Existem também regras a serem observadas pelos representantes dos poderes do estado, autoridades constituídas, quer seja no Judiciário, no Legislativo ou no Executivo. E a não observância acarreta penalidades das mais suaves às mais graves, dependendo de cada caso.
E não estamos falando da malfadada corrupção que corrói o estado brasileiro ou de atitudes lesivas ao patrimônio público, que ocorrem a despeito das leis e regras existentes, que regulam a matéria.
Vamos nos deter no Código de Ética e Decoro Parlamentar que deve reger o comportamento dos parlamentares nas Casas Legislativas. Cabendo destacar que, cada uma tem o seu Código de Ética, ou deveria ter.
São normas de boa convivência, elaboradas para regular as relações antagônicas presentes no parlamento, onde a disputa pela prevalência de ideias e de visões de mundo é acirrada ao extremo, podendo levar a embates não tão delicados quanto as discussões entre afetos, que acontecem no recesso dos lares ou no círculo das amizades sinceras.
O Código de Ética e Decoro Parlamentar do Legislativo do Estado do Rio de Janeiro, à semelhança dos encontrados em outros parlamentos, estabelece os princípios éticos e as regras básicas de comportamento e conduta para aqueles que estejam no exercício do cargo de deputado estadual.
A finalidade primeira de tais regras é a proteção dos parlamentares no exercício de seus mandatos e a segunda, a preservação da instituição, que subsiste através dos tempos e deve ser exemplar guardiã da democracia.
O embate político-institucional sobre ideias e projetos, sobre políticas públicas, e o processo decisório em que elas se dão, não pode prescindir dos limites determinados por tais regras. É preciso que haja limites claros para as ações empreendidas na defesa dos mandatos e das ideias, bem como das palavras usadas para definição de posições.
No octógono do UFC existem regras a serem observadas. E não se trata de atividade nada delicada, mas, ao contrário, o oponente vencido na luta legítima, em geral, sai da arena com as marcas fortes da luta física pesada.
No parlamento, não.

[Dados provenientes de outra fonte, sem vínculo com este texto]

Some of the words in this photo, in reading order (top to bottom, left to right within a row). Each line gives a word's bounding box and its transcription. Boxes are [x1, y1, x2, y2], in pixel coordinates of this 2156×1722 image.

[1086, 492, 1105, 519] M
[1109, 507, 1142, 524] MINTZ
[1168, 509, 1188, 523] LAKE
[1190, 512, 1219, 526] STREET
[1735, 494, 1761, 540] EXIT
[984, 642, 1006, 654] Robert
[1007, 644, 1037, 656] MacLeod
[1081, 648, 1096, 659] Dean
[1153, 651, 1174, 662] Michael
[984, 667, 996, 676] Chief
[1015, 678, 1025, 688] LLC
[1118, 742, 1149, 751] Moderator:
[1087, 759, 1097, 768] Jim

Todos devem sair incólumes das batalhas travadas democraticamente, sem arranhões de qualquer natureza, com a possibilidade de manter o clima civilizado, próprio para esses relacionamentos dialéticos e contraditórios, constitutivos do regime democrático em que vive nosso país.
Concretamente, o artigo 7º do Código de Ética e Decoro Parlamentar da Alerj, dispõe sobre os atos infracionais que caracterizam a atentado contra o decoro: perturbar a ordem das sessões, praticar atos que infrinjam a boa conduta; praticar ofensas físicas ou morais, por atos ou palavras caluniosas, difamatórias ou injuriosas a outro parlamentar, dentre outros.

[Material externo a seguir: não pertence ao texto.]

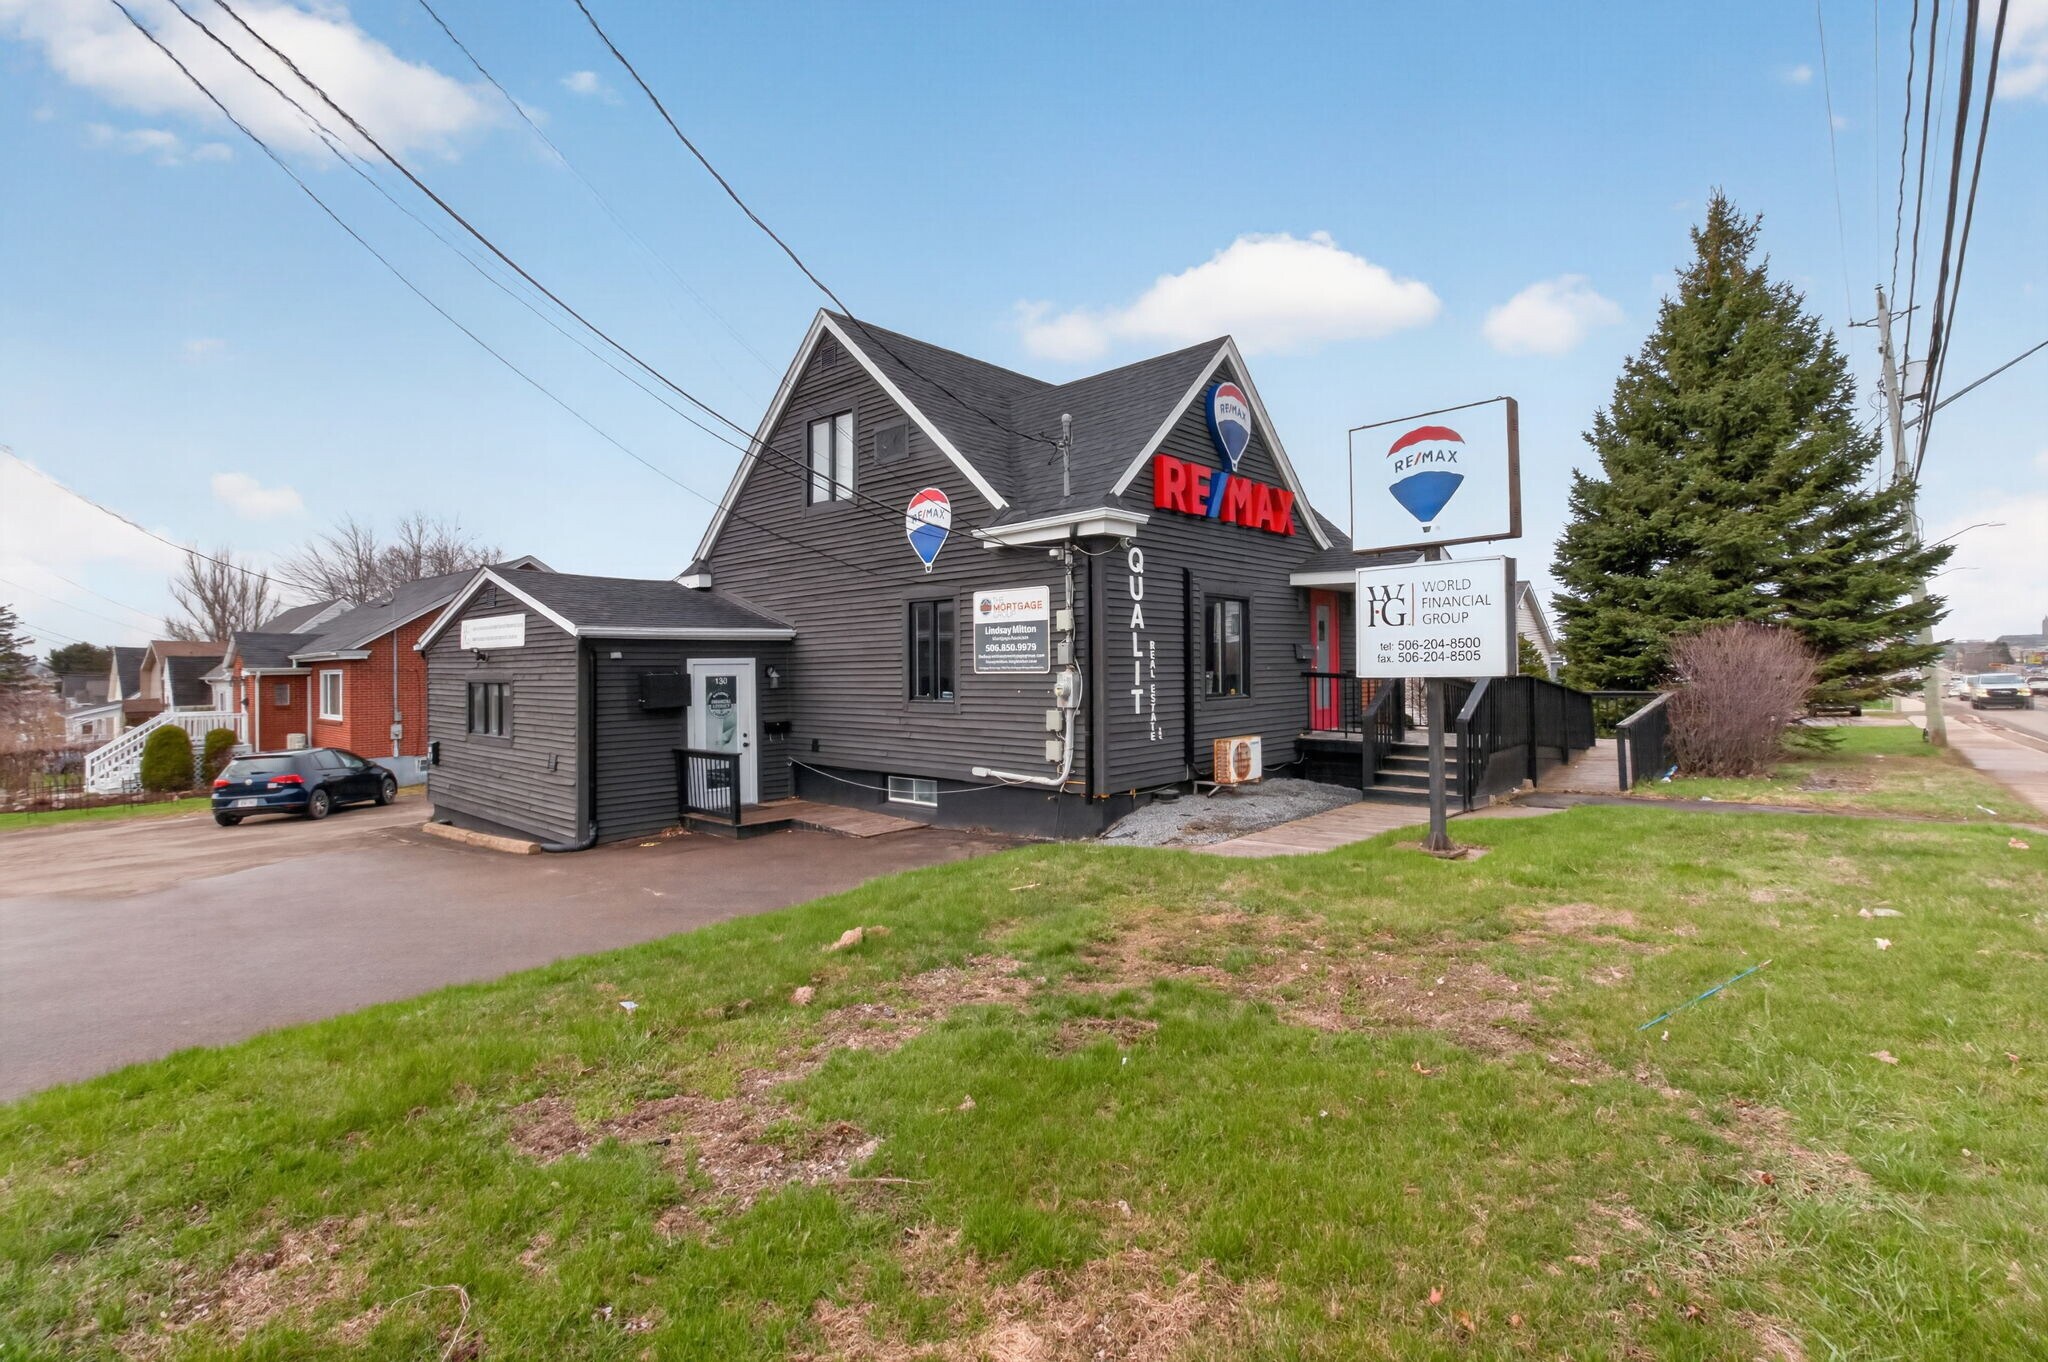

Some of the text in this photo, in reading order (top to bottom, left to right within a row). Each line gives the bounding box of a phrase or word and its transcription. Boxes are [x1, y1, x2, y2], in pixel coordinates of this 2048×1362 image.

Claro está que tais questões dizem respeito ao comportamento e que vão ao encontro do que estabelece a legislação penal. Ou seja, a depender da gravidade da situação em que se envolva, além de responder internamente aos seus pares, aquele que incorrer em tais faltas, fica ainda sujeito às penalidades legais em vigor.

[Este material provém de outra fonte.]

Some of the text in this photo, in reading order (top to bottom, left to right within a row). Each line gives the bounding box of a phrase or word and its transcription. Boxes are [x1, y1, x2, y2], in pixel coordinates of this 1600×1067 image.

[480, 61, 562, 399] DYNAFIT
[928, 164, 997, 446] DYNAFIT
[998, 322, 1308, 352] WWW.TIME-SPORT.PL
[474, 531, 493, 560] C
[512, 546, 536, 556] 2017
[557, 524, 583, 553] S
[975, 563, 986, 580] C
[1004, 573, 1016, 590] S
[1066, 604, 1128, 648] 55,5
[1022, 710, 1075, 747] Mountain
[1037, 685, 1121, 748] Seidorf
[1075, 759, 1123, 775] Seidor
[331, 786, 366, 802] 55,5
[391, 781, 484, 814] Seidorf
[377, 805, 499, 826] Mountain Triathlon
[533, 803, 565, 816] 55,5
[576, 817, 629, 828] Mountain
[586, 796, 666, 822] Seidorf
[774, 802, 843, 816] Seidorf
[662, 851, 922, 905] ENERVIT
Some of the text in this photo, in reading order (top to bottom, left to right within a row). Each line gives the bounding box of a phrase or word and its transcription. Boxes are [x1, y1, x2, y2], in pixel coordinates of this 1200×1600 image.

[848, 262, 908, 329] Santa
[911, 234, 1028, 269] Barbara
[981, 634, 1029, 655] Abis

Publicamente, todos devem se tratar respeitosamente, usando os pronomes de tratamento mais formais, como vossa excelência; senhores deputados e senhoras deputadas; senhor presidente… e assim todo o ambiente ganha, simbolicamente, os contornos protetivos que a formalidade impõe, ainda que nos dias de hoje possamos acompanhar ambientes mais amistosos, com camaradagem e respeito entre os representantes.
Respeitar os códigos de conduta, zelar pela forma de tratamento entre os pares, usar de cortesia e deferência são atitudes que parecem estar em absoluto desacordo com os tempos atuais, em que as comunicações diretas são planetárias, o acesso à informação é facultado em larga escala e os acontecimentos são instantaneamente divulgados sem possibilidade de que sejam apagados.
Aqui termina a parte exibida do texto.